@p-himik to even be able following some of your advice, one would either have to be extremely lucky or extremely disciplined, maybe both
I just find such approaches that expect above and beyond what is available for most people, unreasonable
I am saying this because I mostly agree with what you said 🙂. Almost completely.
It's hard for me to gauge luck. But where does what I describe require extreme discipline?
Specifically, having a life (usual requirements), having a job where you need to learn a lot just to stay in the game, and then besides all that try to learn Clojure. It narrows down who can do it very much.
I feel that there are lots of clojure programmers who come from a background where everyone is mostly lucky by everyone else's standards, so either work is easier, or life is easier, and then learning Clojure is just a past time.
I say "feel" because obviously there are counterexamples, and that's where I assume discipline or luck matters more, and obviously I have zero oversight of the actual background of people, I am deducing it from my relatively extensive experience IRL with people.
Maybe it is extreme luck, but at absolutely all my office jobs, there was at least an hour that you could spend working on inner tools, just to improve your own and/or your team's workflow. I found it to be the perfect time to learn new stuff. Regarding Clojure - I just took a hiatus after quitting one job, and then after some time learning it, used Clojure in a test task for a position that didn't even ask for Clojure. :)
If you come from Java, one hour of Clojure might be enough. If you come from PHP or Javascript, one hour/day will take you an order of magnitude more time to learn.
If you come from an academic background, that too helps 😉 Lots of people learn programming from speed courses.
If you have a modicum of time and enough interest, you can absolutely do it. I don't have an academic background - I don't even have a degree of any kind, just high school. Not to brag, but I've learned C++ to a degree that surprised recruiting agencies, all by myself - just by gradually going through Andrei Alexandrescu and Herb Sutter works, and reading Qt documentation. All while I had 10-12 hour work days, 6 days a week. :) Started using C++ for work, and after a couple of years started learning Python in a similar way, although mostly by using the official documentation, and with much better working hours. Even before using Python for work, started learning Clojure. Along with that, started undergoing courses in genetics, as I described above. Used both Python and ClojureScript for work, now mostly using Clojure+ClojureScript. The absence of any degree whatsoever hasn't stopped me from finding nice people from a local genetics institute, and I've been working with them for almost 5 years now. All just because I spend some time every day learning new stuff. Not just by reading a random article here and there, but by actually making notes and experimenting where possible.

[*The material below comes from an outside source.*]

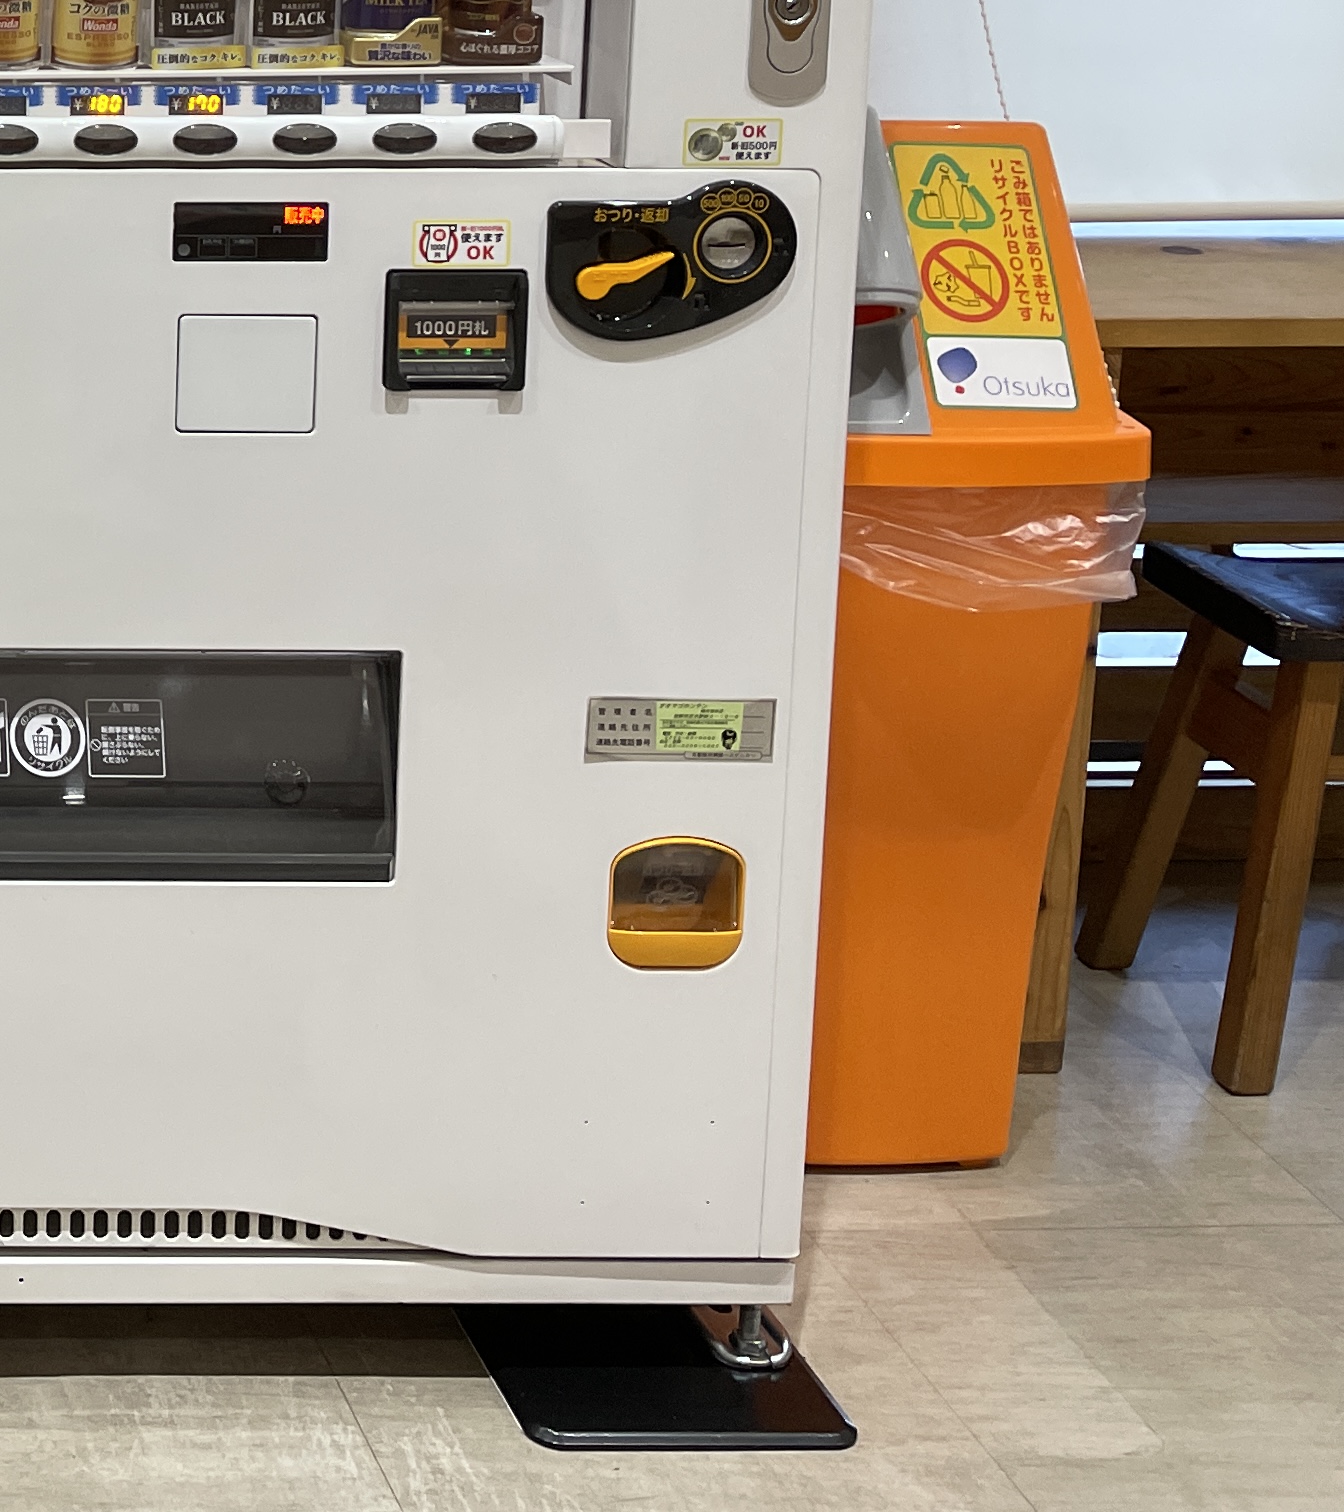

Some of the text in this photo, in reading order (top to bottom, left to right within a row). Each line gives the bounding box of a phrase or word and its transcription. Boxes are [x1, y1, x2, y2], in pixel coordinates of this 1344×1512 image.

1👏1👌yeah, this starts like https://en.wikipedia.org/wiki/The_Secret_%28book%29 any failure to accomplish the goals set out by others is purely attributed to lack of 'modicum of time and enough interest'
I did similar 12-16 workdays/weeks about 3 times in my life and I consider myself lucky that I had the circumstances so I could focus so much time on work, either because I was not responsible for others at the time, or because others were helping actively
neither of those experiences are in any way pleasant and I don't think it's appropriate to expect anyone to follow our example
Not sure what you mean exactly with the book reference, given that I haven't read it, but that's indeed my personal observation. - I can't do anything, I just don't have enough time. - Do you have an hour a day? Half an hour a day? - ...yes. - Have you tried doing something what you say you want to do in that hour, every day if possible? - No.
I am shocked right now that you wrote an imaginary dialog.
It's not an imaginary one. It's almost a literal recreation of dozens of dialogs on the topic that I personally had. It usually continues with me asking "why" and then hearing improvised excuses. :)
Do you assume that you and I are talking about the same people?
No.
Seemed like it. So, aren't we trying to generalize what would be an overall acceptable experience of being introduced to Clojure, independent of background and circumstances?
No. I'm conveying my own opinions and experience, nothing more.
I can think in 3 differents strategies to achieve something in general: 1. you have a clear vision of what your goal is and you are ready to put all your energy to achieve it, fail and retry until succes (becoming a Clojure developer for example) 2. you have a broad idea of what you want (be an happy developer), you are ready to adapt along the way depending of the events. You gather info, resources and come up with a plan (I am here) 3. leave it all to chances (you are an unhappy developer and waiting that something good happens to you).
I’ve thought about this a bit. The path I’m taking is: Learn Clojure on my own time and bring lessons learned to my day job (JS/React). If I get Clojure work in the future that’s great, if not there’s a good supply of React work out there. This does depend on having free time but I have found there’s a lot of principles that are transferable, so it’s worth it.